====== EXERCISE MATERIAL
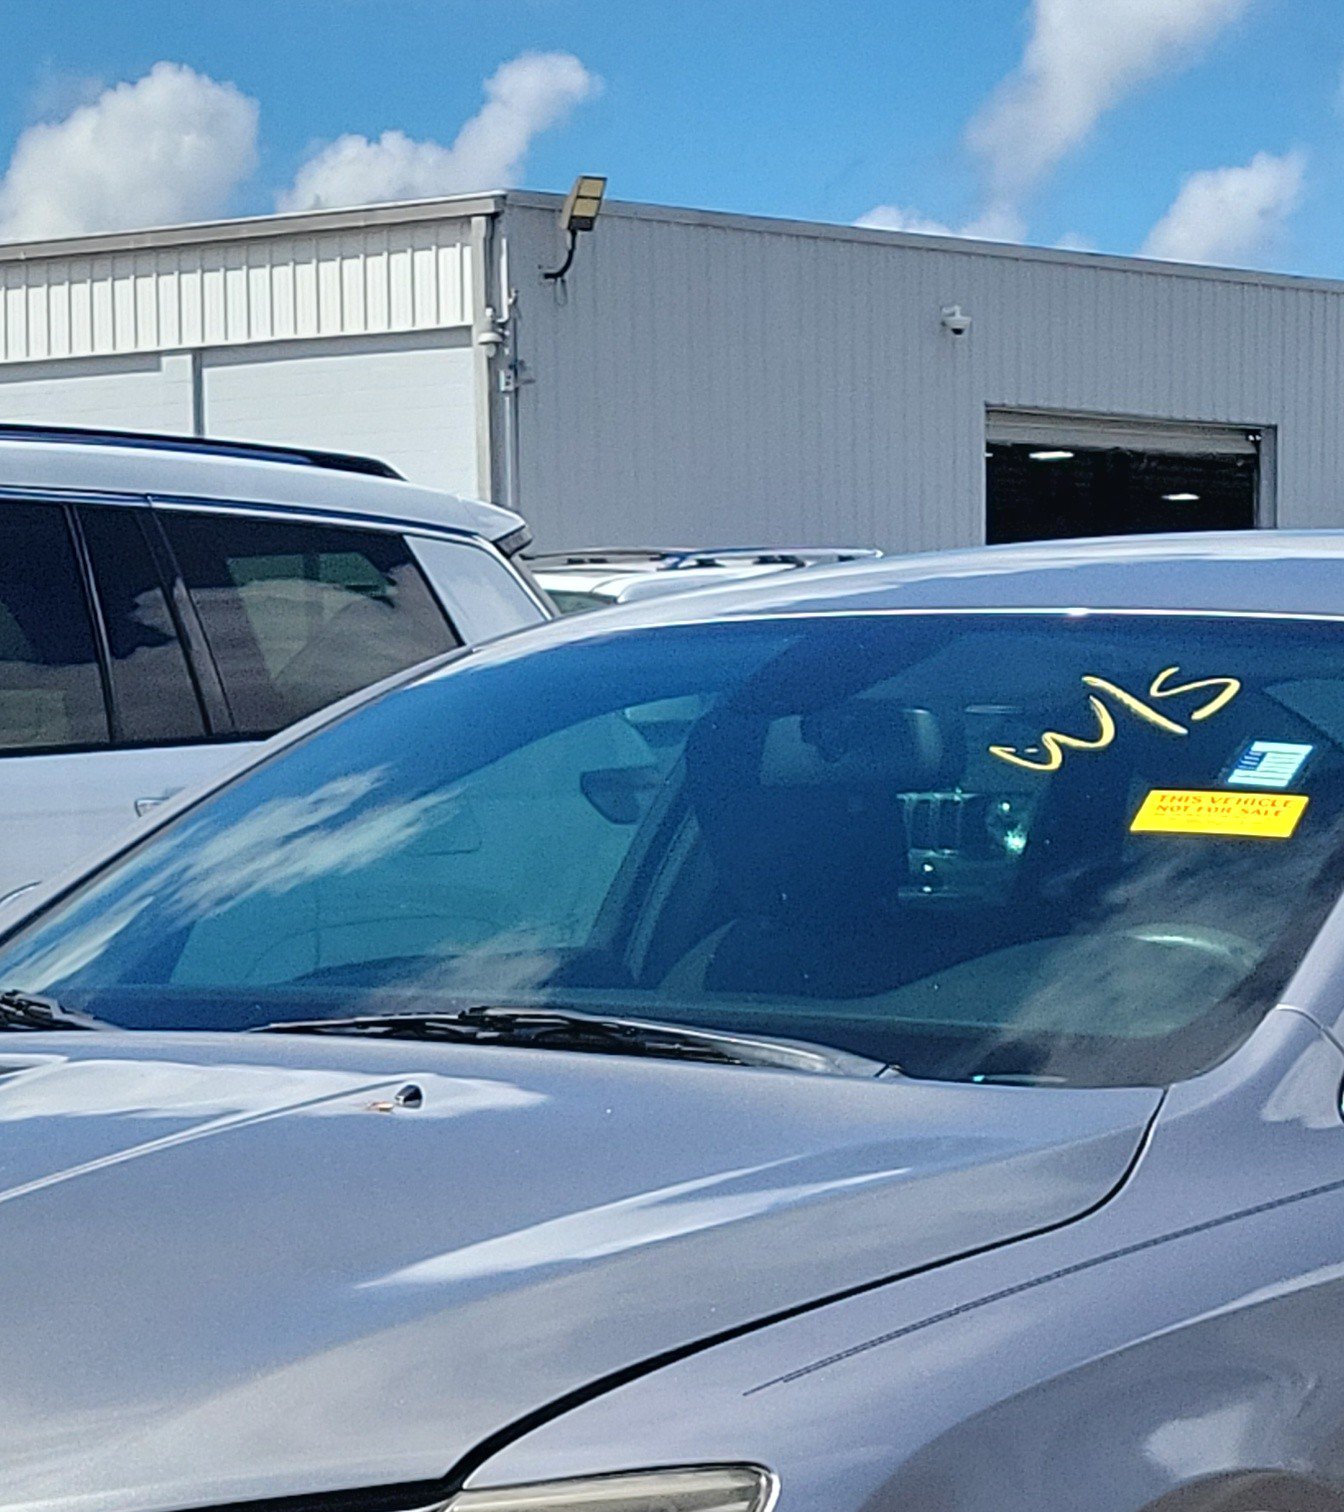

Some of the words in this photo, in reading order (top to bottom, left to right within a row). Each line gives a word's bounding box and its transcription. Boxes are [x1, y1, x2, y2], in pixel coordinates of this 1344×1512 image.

[1158, 793, 1203, 805] THIS
[1209, 795, 1293, 809] VEHICLE
[1155, 804, 1191, 814] NOT
[1195, 805, 1234, 815] FOR
[1240, 807, 1284, 818] SALE
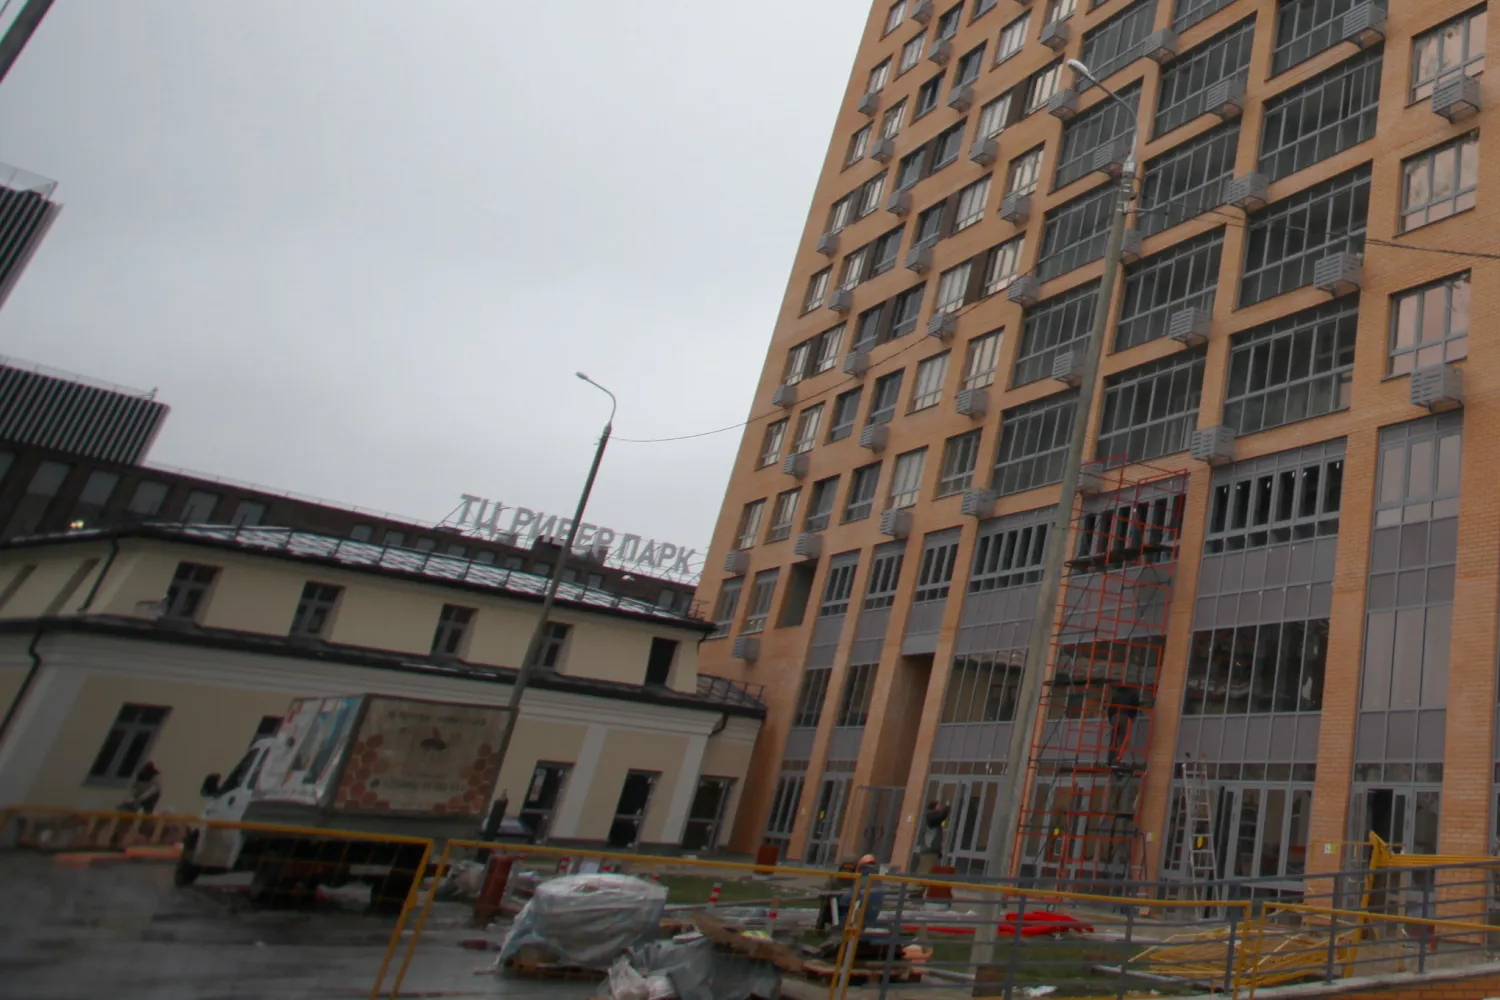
============
TASK REQUIREMENTS: Word for word, restate the records shown above, minus the pictures.

SOLUTION TO THIS TASK:
Some of the words in this photo, in reading order (top to bottom, left to right within a row). Each line gives a word's bounding box and its transcription. Boxes are [x1, y1, x2, y2], in pixel coordinates of this 1344×1512 image.

[1158, 793, 1203, 805] THIS
[1209, 795, 1293, 809] VEHICLE
[1155, 804, 1191, 814] NOT
[1195, 805, 1234, 815] FOR
[1240, 807, 1284, 818] SALE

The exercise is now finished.